**What to produce:**
From the line that contains "this 1920×1440 image." to the end of the records below, copy every line exactly. Both the first and last of these lines count.

**Available records:**
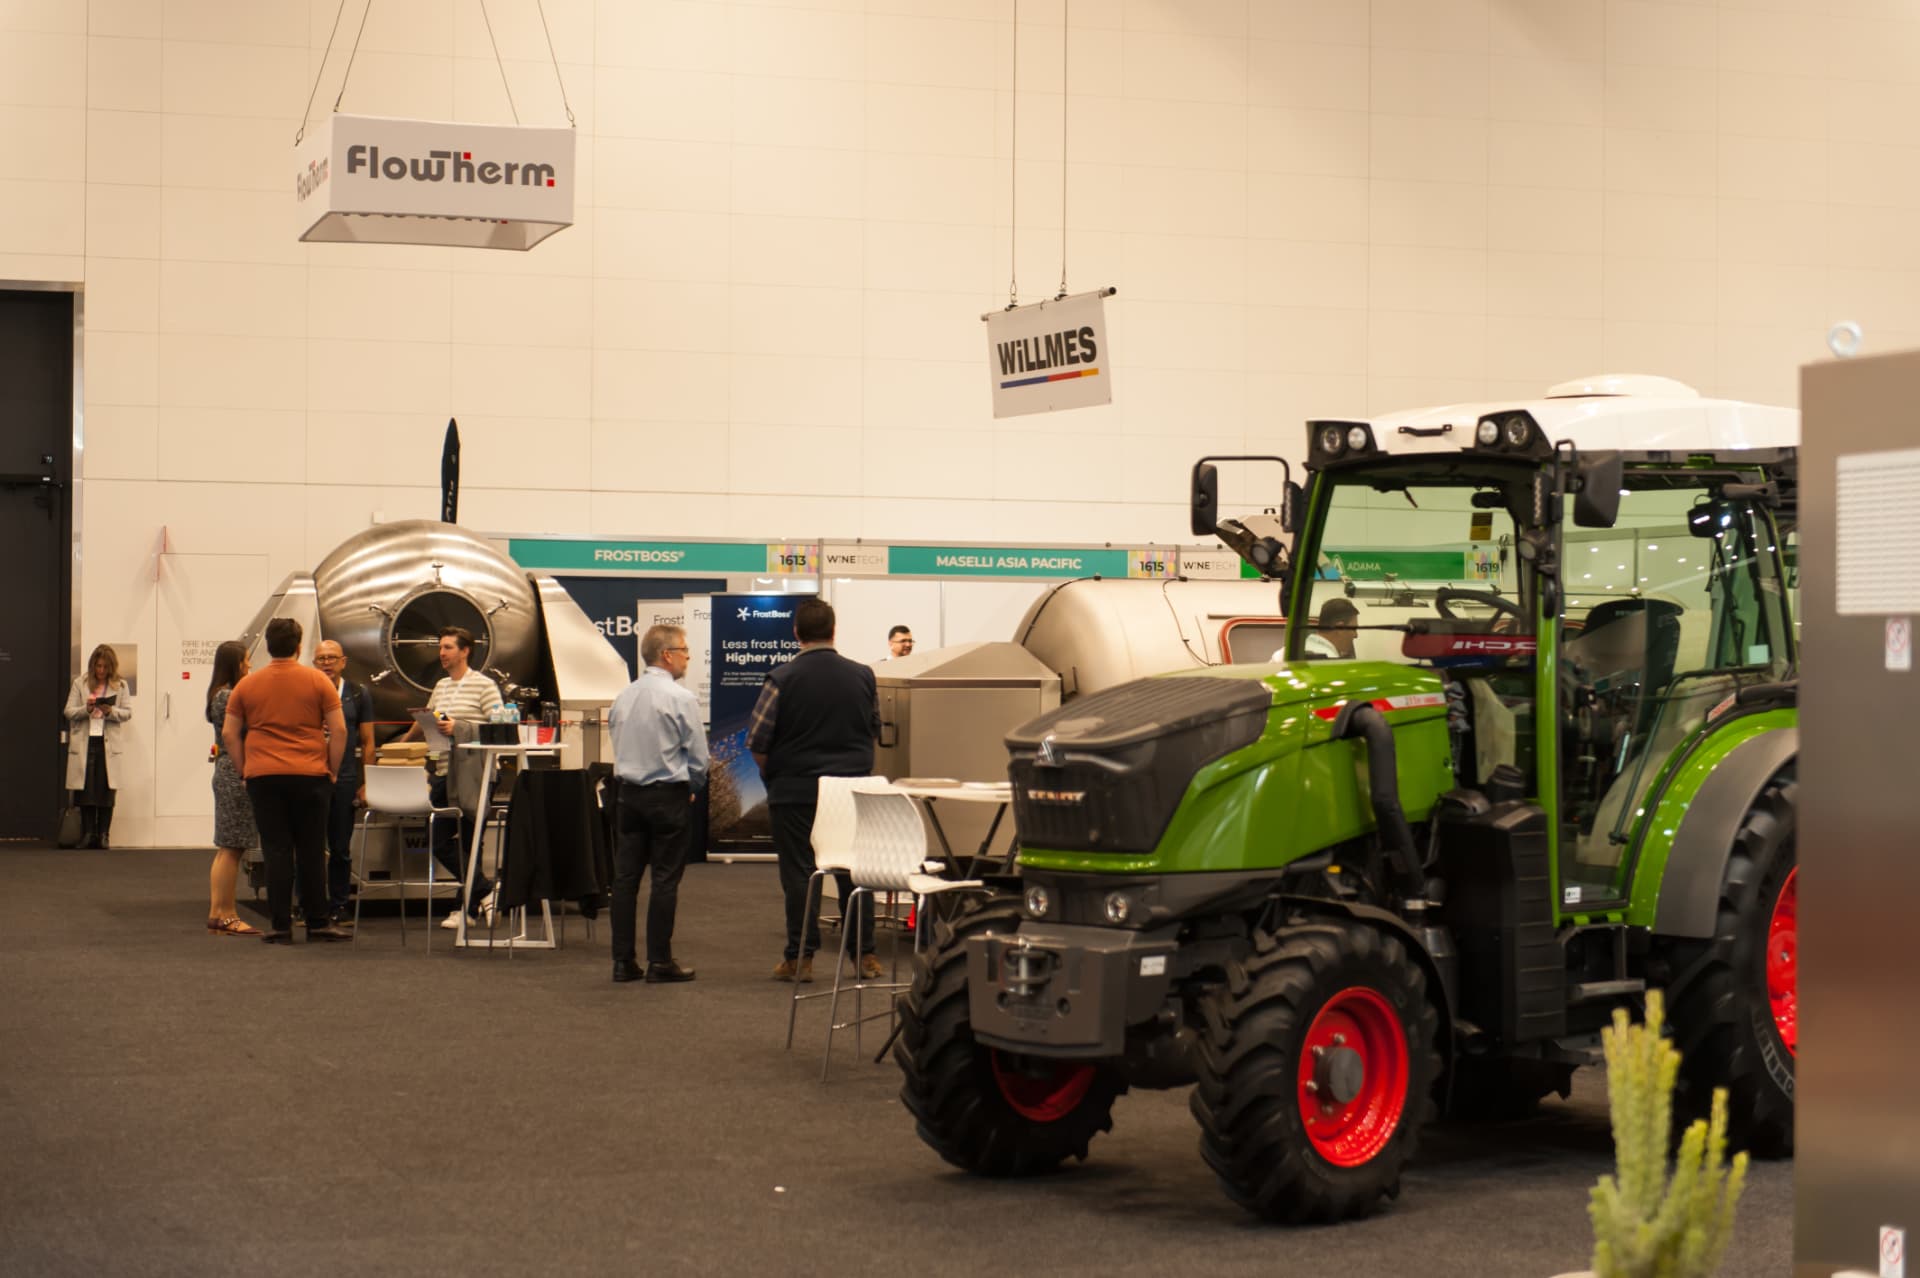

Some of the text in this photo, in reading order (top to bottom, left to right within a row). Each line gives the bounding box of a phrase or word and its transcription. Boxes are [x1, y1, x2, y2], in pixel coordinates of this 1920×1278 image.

[780, 554, 806, 566] 1613
[936, 554, 1082, 571] MASELLI ASIA PACIFIC
[1140, 561, 1165, 572] 1615
[1347, 562, 1381, 572] ADAMA
[1475, 562, 1499, 573] 1619
[722, 639, 748, 649] Less
[750, 639, 778, 649] frost
[725, 651, 767, 666] Higher
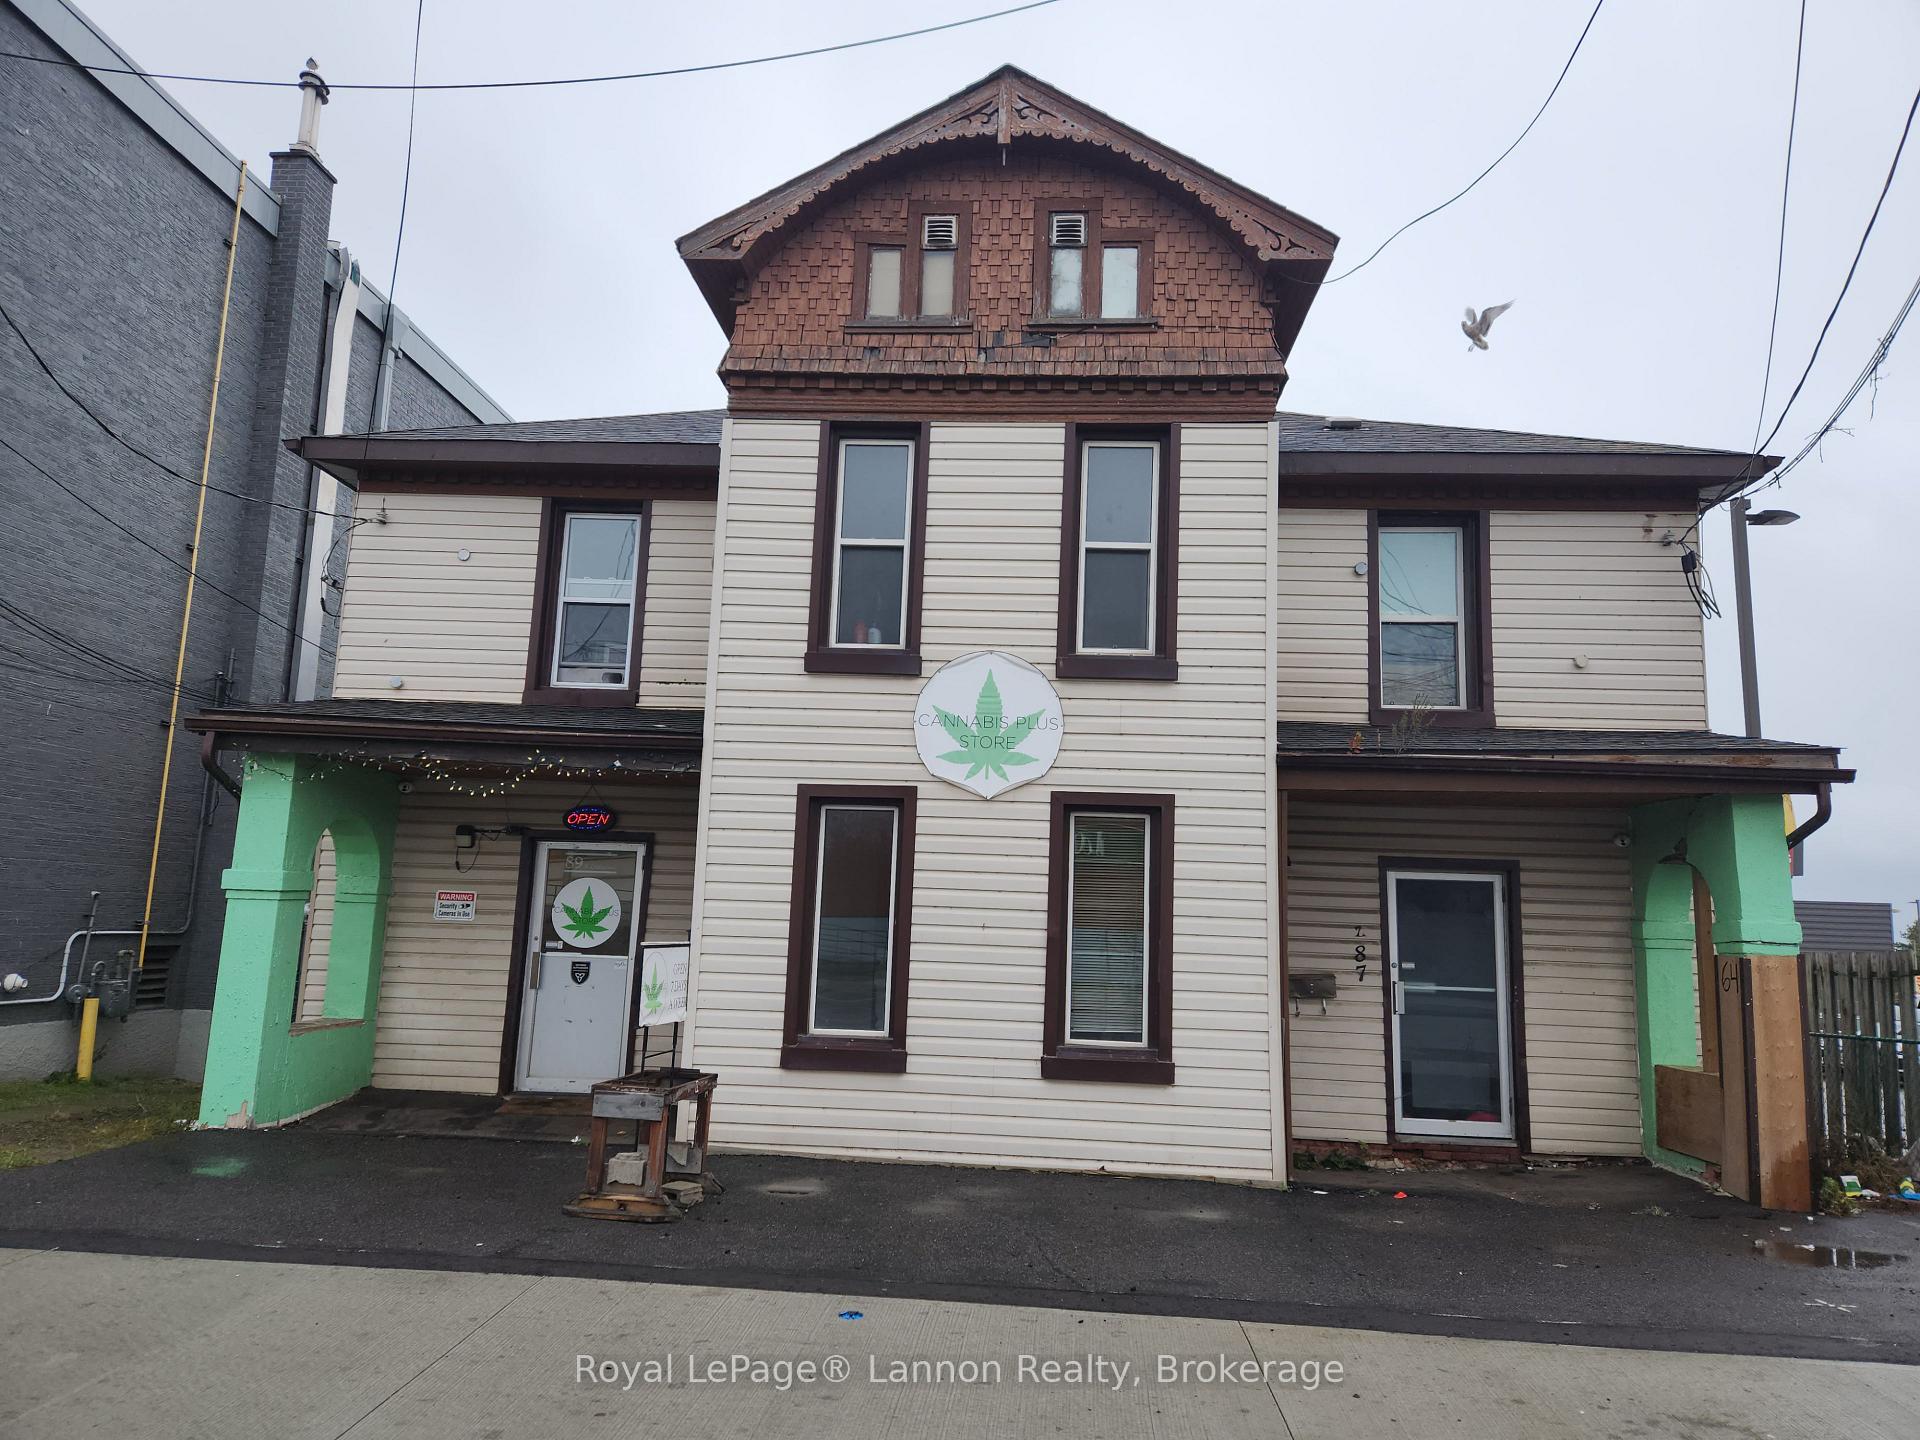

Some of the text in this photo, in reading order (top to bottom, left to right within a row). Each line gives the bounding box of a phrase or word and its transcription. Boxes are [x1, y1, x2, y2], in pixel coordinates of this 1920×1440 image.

[918, 713, 1059, 731] CANNABIS PLUS
[959, 734, 1017, 750] STORE
[567, 812, 610, 825] OPEN
[440, 893, 473, 901] WARNING
[439, 902, 458, 910] Security
[1721, 960, 1739, 995] 64

**Answer box:**
Some of the text in this photo, in reading order (top to bottom, left to right within a row). Each line gives the bounding box of a phrase or word and its transcription. Boxes are [x1, y1, x2, y2], in pixel coordinates of this 1920×1440 image.

[918, 713, 1059, 731] CANNABIS PLUS
[959, 734, 1017, 750] STORE
[567, 812, 610, 825] OPEN
[440, 893, 473, 901] WARNING
[439, 902, 458, 910] Security
[1721, 960, 1739, 995] 64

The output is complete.